There's no doubt that the Llama 3 series models are the hottest models this week. The 70B version is yielding performance close to the top proprietary models. The 8B version, on the other hand, is a ChatGPT-3.5 level model. But the greatest thing is that the weights of these models are open, meaning you could run them locally! I decided to give it a try and see how feasible it is.
Results
I did the tests using Ollama, which allows you to pull a variety of LLMs and run them on your own computers. In the next section, I will share some tricks in case you want to run the models yourself. Here, I will focus on the results.
First, I tested the Llama 3 8B model on a virtual Linux machine with 8 CPUs, 30G RAM, and no GPUs. The model itself is about 4GB. It only took a few commands to install Ollama and download the LLM (see below). And then it just worked! It could generate text at the speed of ~20 tokens/second.
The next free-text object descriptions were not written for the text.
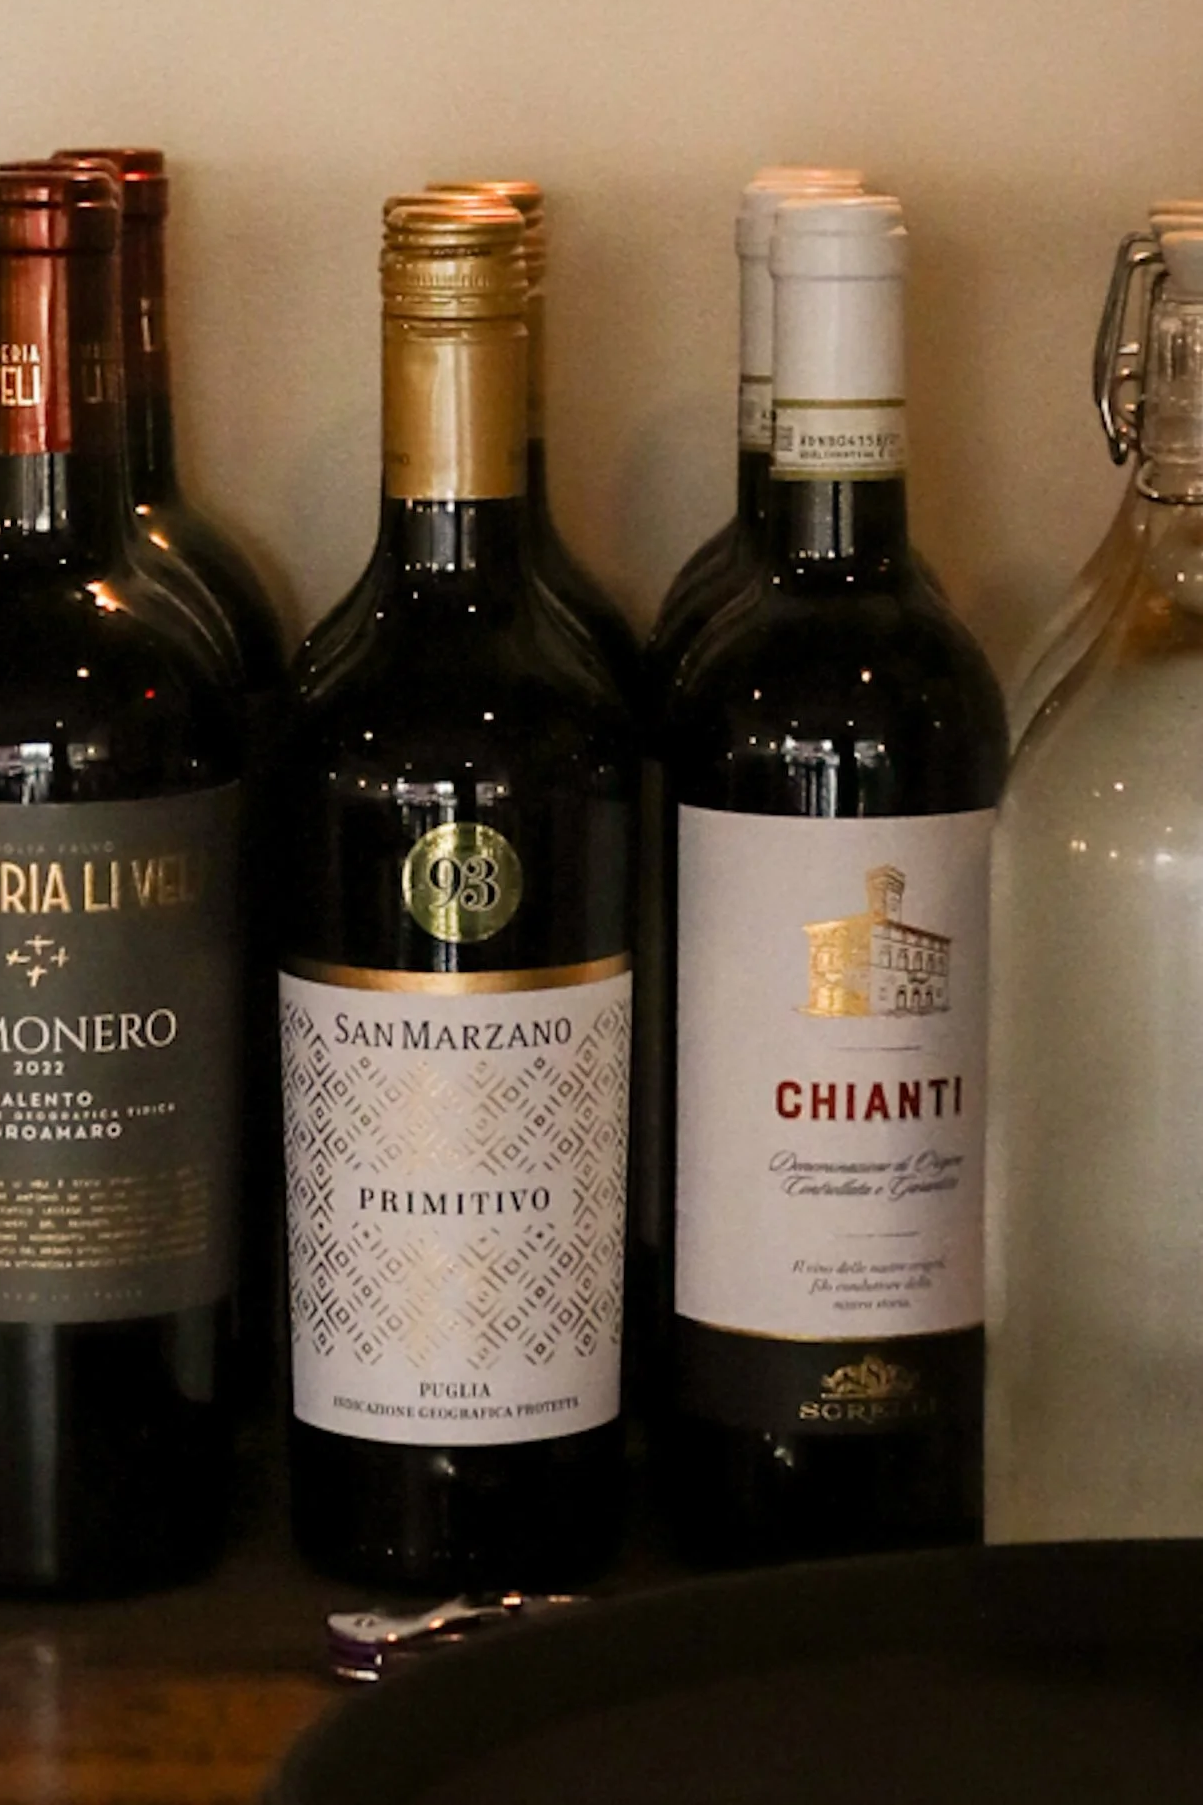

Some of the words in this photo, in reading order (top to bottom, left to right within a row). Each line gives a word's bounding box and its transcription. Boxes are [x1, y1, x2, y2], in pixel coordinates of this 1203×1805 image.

[82, 859, 120, 913] LI
[429, 857, 501, 912] 93
[402, 1016, 573, 1051] MARZANO
[13, 1060, 66, 1076] 2022
[776, 1075, 962, 1120] CHIANTI
[360, 1186, 551, 1215] PRIMITIVO
[419, 1381, 492, 1398] PUGLIA
Then I tried it again on a bigger cluster with 70 CPUs, 180G RAM, and no GPUs. The model outputs text at the speed of ~28 tokens/second. More CPUs didn’t seem to help much. But this is already fast enough for many different tasks.
On the same cluster, I then tested the 70B model, which is around 40GB. The speed is now 2.5 tokens/second. It still works, but the speed is too slow.
I'll try to run more experiments using GPUs later. However, if you only have CPU machines, the 8B model is already a variable solution. Considering that this is a ChatGPT-3.5 level model, I think it has changed a lot of things for better or worse.
For bigger models, it might be more practical to use the API providers. For example, Groq provides these models with crazy fast inference speed and reasonable prices.
Tricks of using Ollama
If you want to run this yourself, here are some tricks that might be helpful for you.
With sudo
If you have sudo privileges on your Linux machine or cluster, you can simply follow the official instructions. The following command will install Ollama as a system service for you (that’s why it needs sudo privileges):
curl -fsSL https://ollama.com/install.sh | sh
Then, you can run a model by:
ollama run llama3
And yes, it’s that simple. Installing Ollama on Mac is similar. I don’t have a Windows machine, so I can’t comment on that.
Without sudo
Now, let’s consider a more common situation where (1) you don’t have sudo privileges on the cluster and (2) you don’t have enough space in your home directory to store the models. Here is what you can do.
In your .bashrc
file, add:
export OLLAMA_MODELS=/path/to/target/directory
Which will specify the location where the LLMs will be stored.
Then download the binary file:
curl -L https://ollama.com/download/ollama-linux-amd64 -o /usr/bin/ollama
You can change /usr/bin/ollama
to other places, as long as they are in your path. Then, add execution permission to the binary:
chmod +x /usr/bin/ollama
Then, you need to run the Ollama server in the backend:
ollama serve&
Now, you are ready to run the models:
ollama run llama3
Note that running the model directly will give you an interactive terminal to talk to the model. However, you can access the models through HTTP requests as well. After you run the Ollama server in the backend, the HTTP endpoints are ready. You just need to follow the instructions to interact with them.